--- Data in this exercise ---

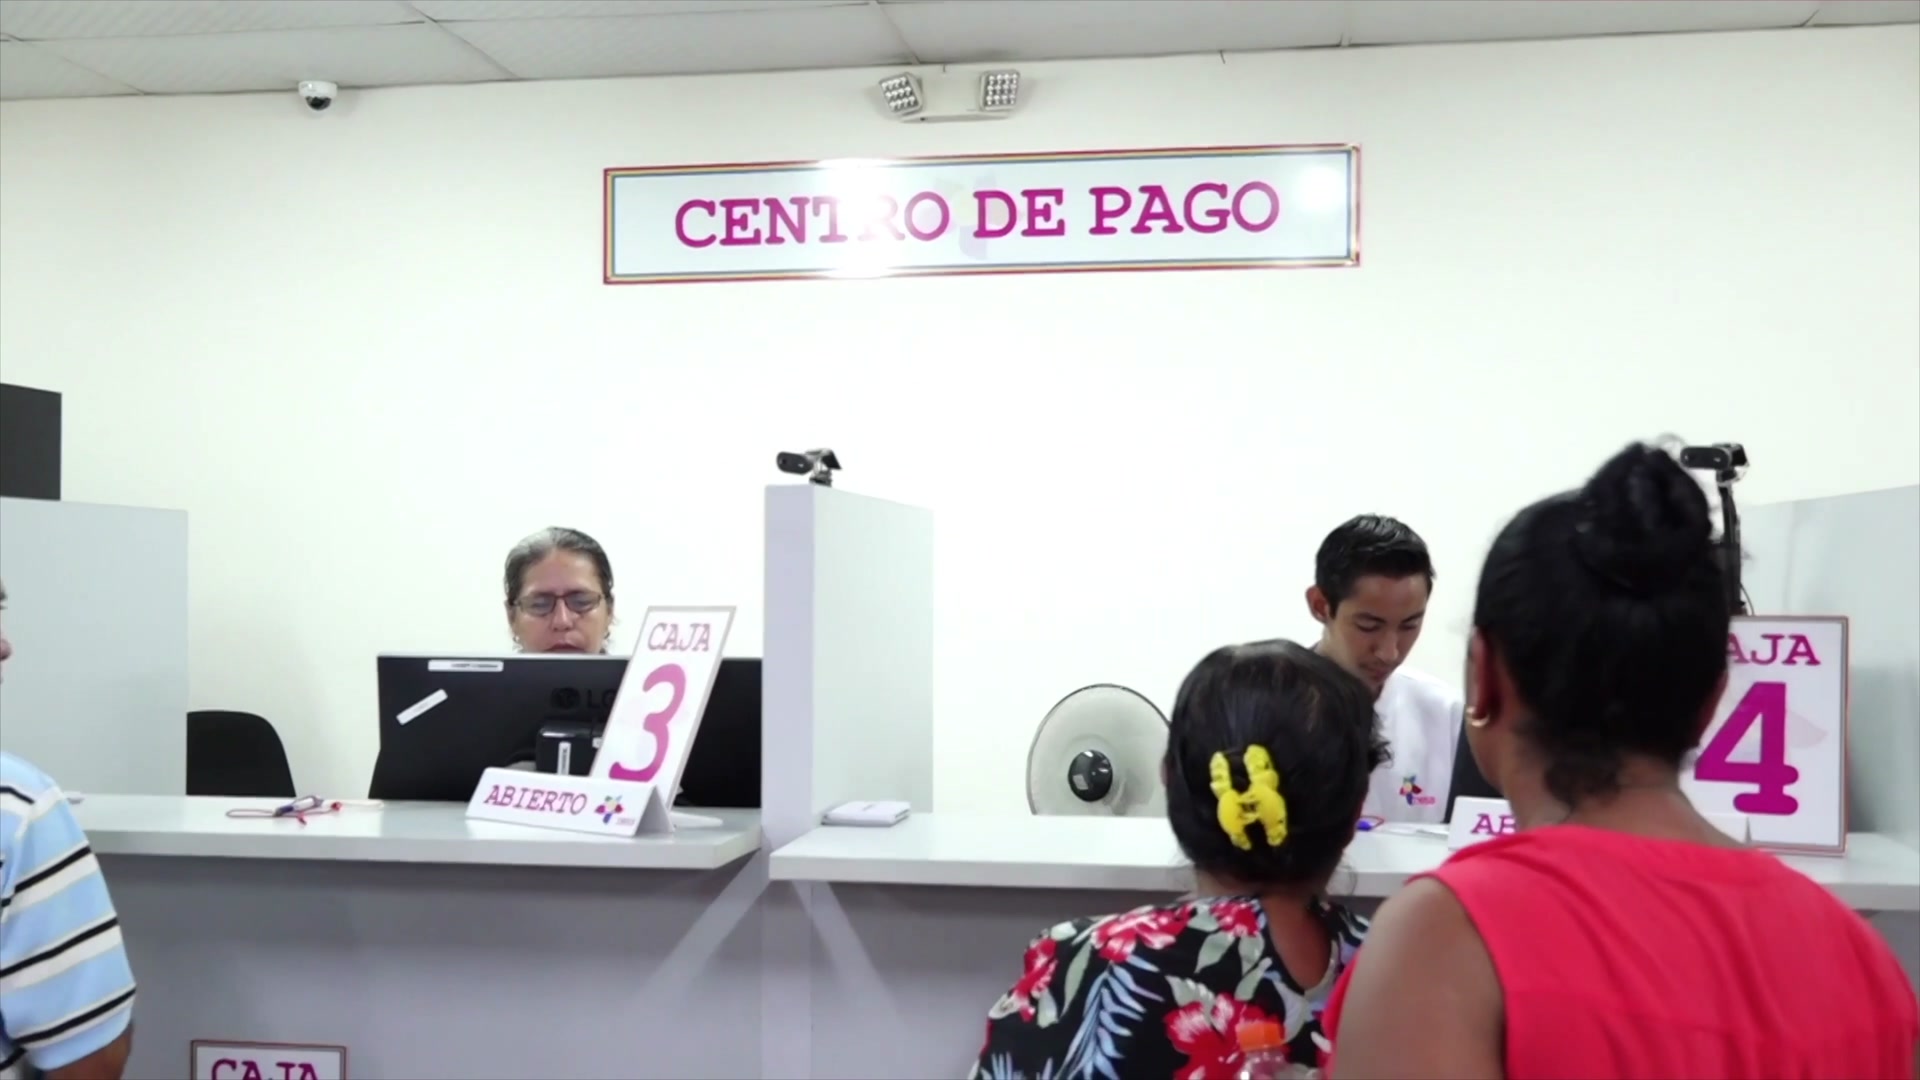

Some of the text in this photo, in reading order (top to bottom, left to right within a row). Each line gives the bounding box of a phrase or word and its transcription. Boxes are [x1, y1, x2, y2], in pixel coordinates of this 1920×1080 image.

[675, 180, 1280, 249] CENTRO DE PAGO
[647, 622, 711, 652] CAJA
[1726, 632, 1821, 666] AJA
[608, 662, 687, 783] 3
[1694, 681, 1800, 816] 4
[483, 784, 588, 815] ABIERTO
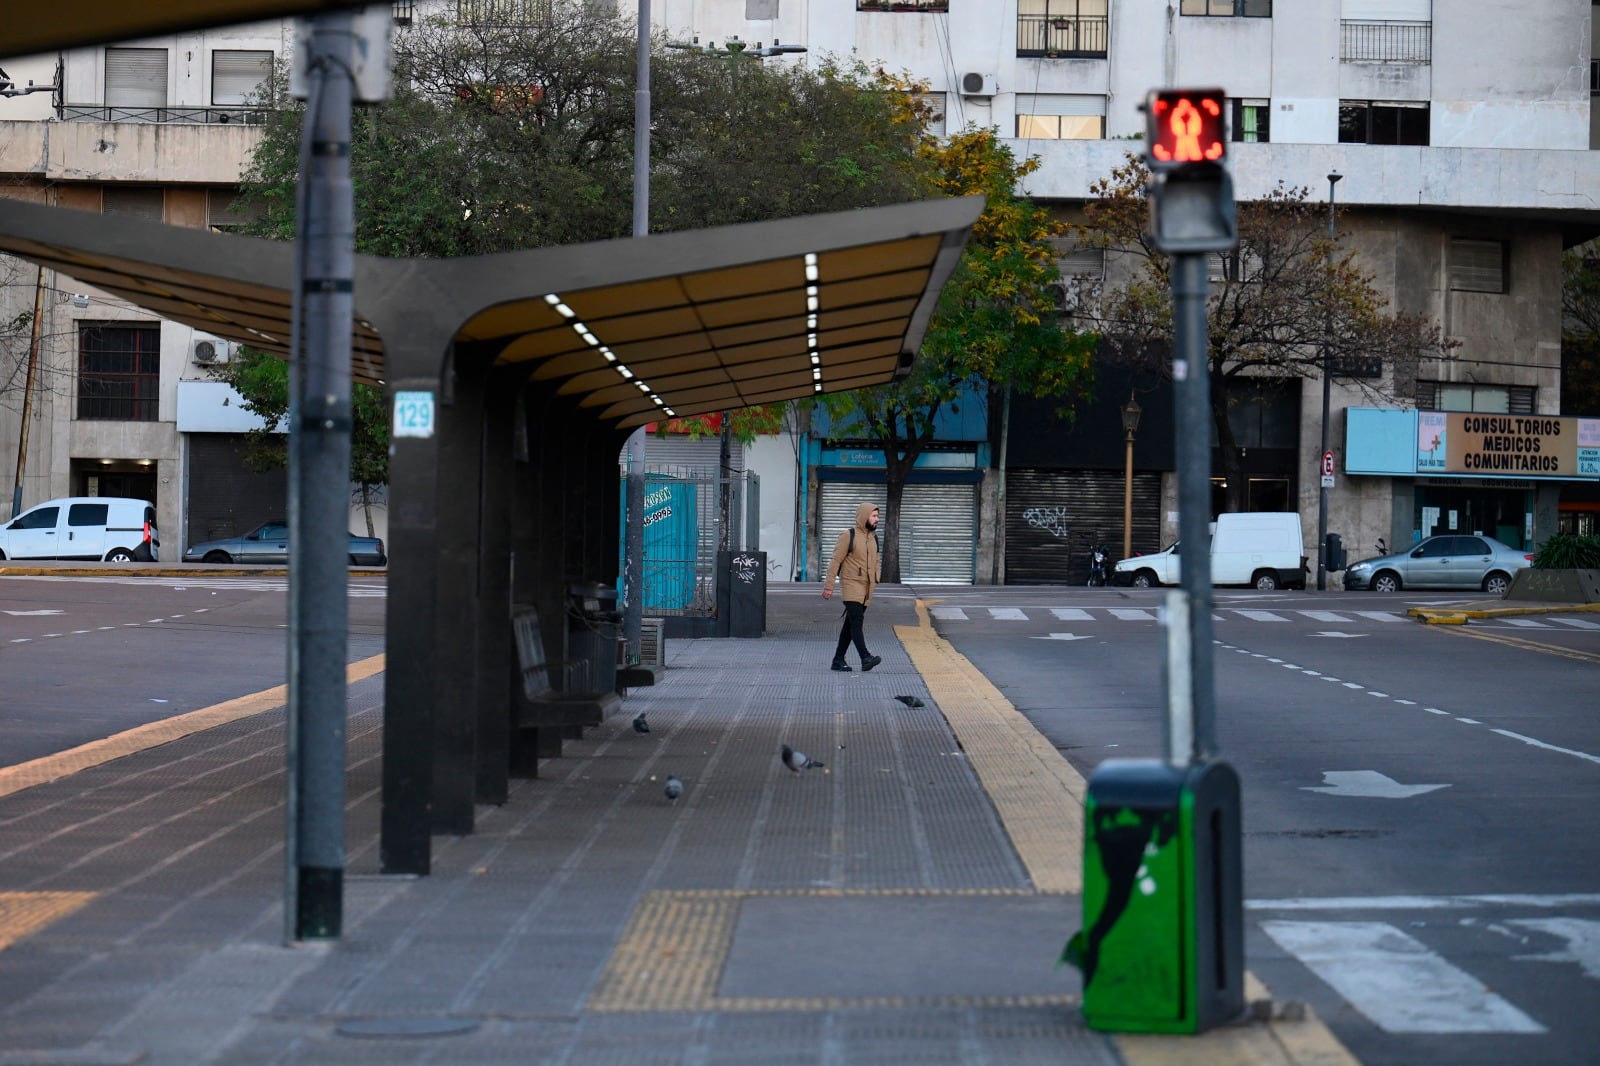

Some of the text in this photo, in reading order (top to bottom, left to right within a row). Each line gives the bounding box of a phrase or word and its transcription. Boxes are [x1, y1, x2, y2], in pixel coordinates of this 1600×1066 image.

[399, 403, 430, 428] 129
[1464, 417, 1560, 436] CONSULTORIOS
[1483, 436, 1541, 453] MEDICOS
[1464, 453, 1558, 471] COMUNITARIOS

---

## Work instruction:
Repeat every entry above precisely, leaving each picture out.

## Output of the task:
Some of the text in this photo, in reading order (top to bottom, left to right within a row). Each line gives the bounding box of a phrase or word and its transcription. Boxes are [x1, y1, x2, y2], in pixel coordinates of this 1920×1080 image.

[675, 180, 1280, 249] CENTRO DE PAGO
[647, 622, 711, 652] CAJA
[1726, 632, 1821, 666] AJA
[608, 662, 687, 783] 3
[1694, 681, 1800, 816] 4
[483, 784, 588, 815] ABIERTO

Some of the text in this photo, in reading order (top to bottom, left to right within a row). Each line gives the bounding box of a phrase or word and its transcription. Boxes are [x1, y1, x2, y2], in pixel coordinates of this 1600×1066 image.

[399, 403, 430, 428] 129
[1464, 417, 1560, 436] CONSULTORIOS
[1483, 436, 1541, 453] MEDICOS
[1464, 453, 1558, 471] COMUNITARIOS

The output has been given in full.